Measuring Brain Waves Can Help Detect OCD Symptoms in Youth

by Elana Harris, MD, PhD with Paul Horn, PhD, Akiva Kirschner, Jing Xiang, MD, PhD

Editor’s Note: We are excited to share the results of this investigation of brain waves in youth with OCD, which was funded by a donor-supported grant from the International OCD Foundation, as well as a K23 research grant from the National Institute of Mental Health (NIMH).

As a child and adolescent psychiatrist, I have seen firsthand that youth with OCD are often reluctant to share their symptoms and even to acknowledge that they have a disorder at all. In youth, as in adults, OCD symptoms are often overlooked or unnoticed by others or hidden by the patient. These factors present barriers to early detection and treatment of OCD in children, and are complicated by the lack of an objective test that can augment the questions clinicians ask their patients during clinical interviews. As a result, treatment is initiated in adolescents an average of two years after the first symptoms of the disorder begin to appear (Walitza et al., 2008).

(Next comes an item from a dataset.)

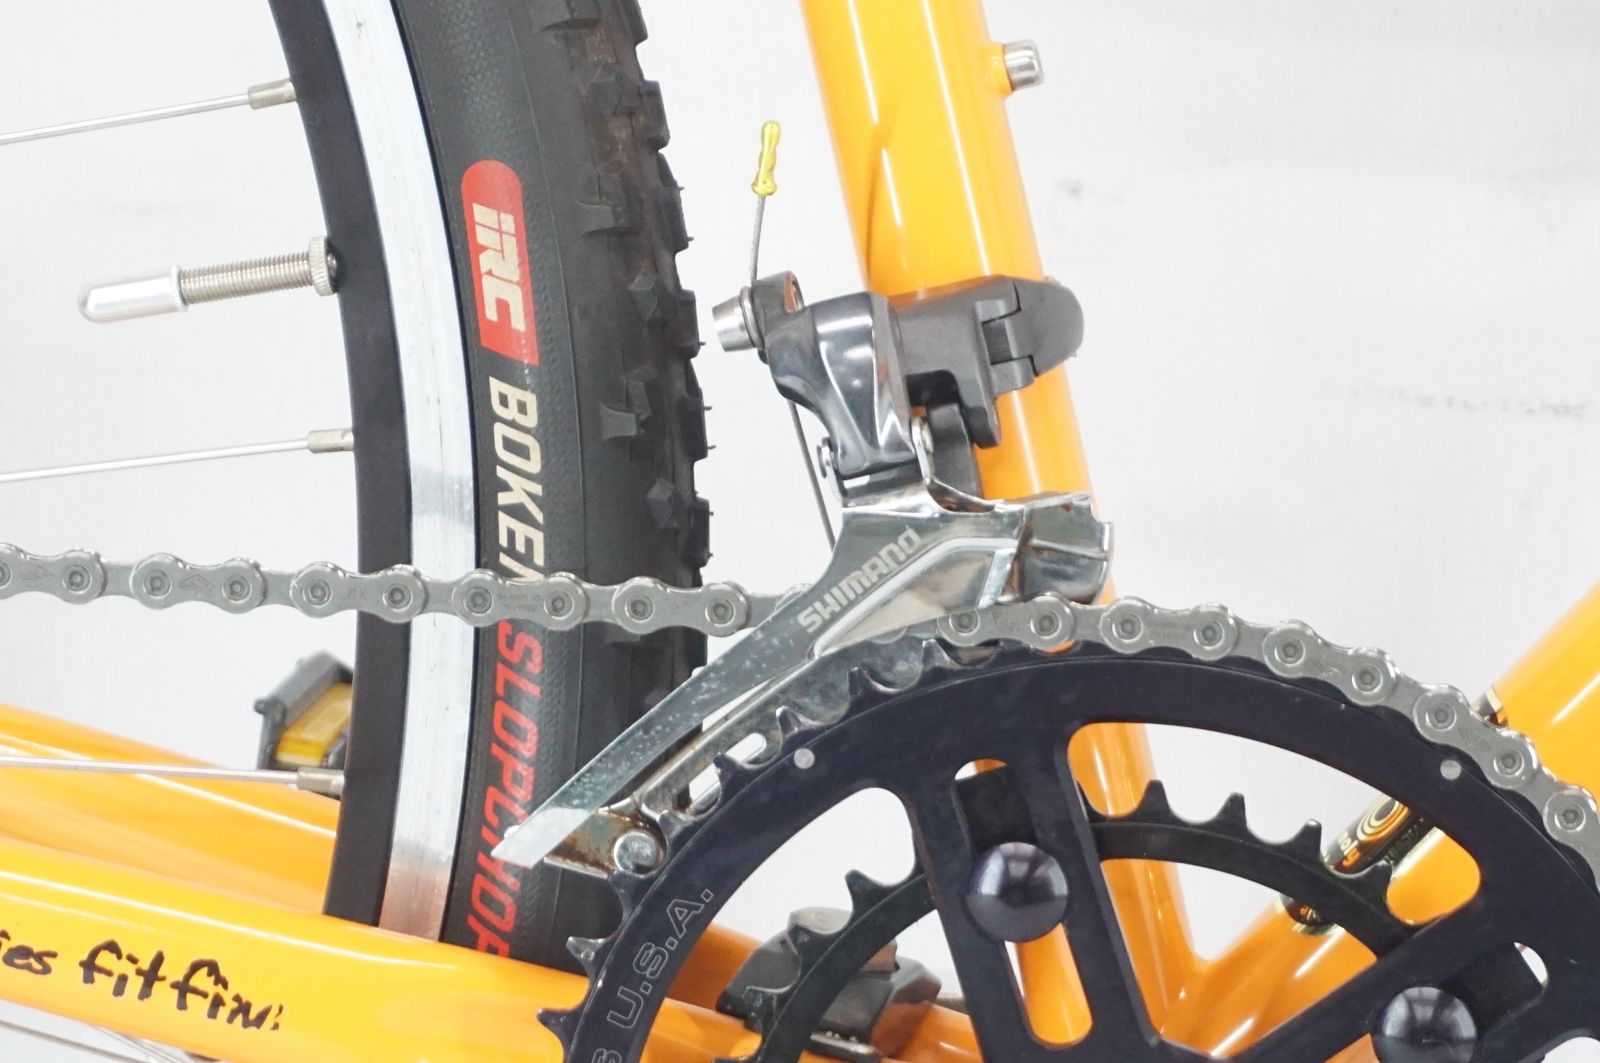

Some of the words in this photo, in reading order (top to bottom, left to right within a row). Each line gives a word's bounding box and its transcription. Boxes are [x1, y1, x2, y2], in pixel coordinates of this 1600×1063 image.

[797, 525, 921, 633] SHIMANO
[79, 939, 167, 1001] fit
[607, 888, 714, 1030] U.S.A.

BACKGROUND & RESEARCH GOALS

Brain waves are patterns of electrical activity in the brain that can be measured using specialized equipment, such as an electroencephalogram (EEG). Researchers have found detectable differences when looking at the brain wave patterns of people with mental health disorders like OCD and ADHD, compared to brain wave patterns observed in healthy individuals. The U.S. Food and Drug Administration has approved the use of an EEG, together with a clinical interview, to confirm a diagnosis of ADHD in children (Snyder et al., 2015), and EEG may also be used to better understand the course ADHD will take in these children (Arns et al., 2013). In these ways, brain waves are being used as a biomarker. In other words, they are something that we can detect in the body that has changed due to an illness and can be measured through a test.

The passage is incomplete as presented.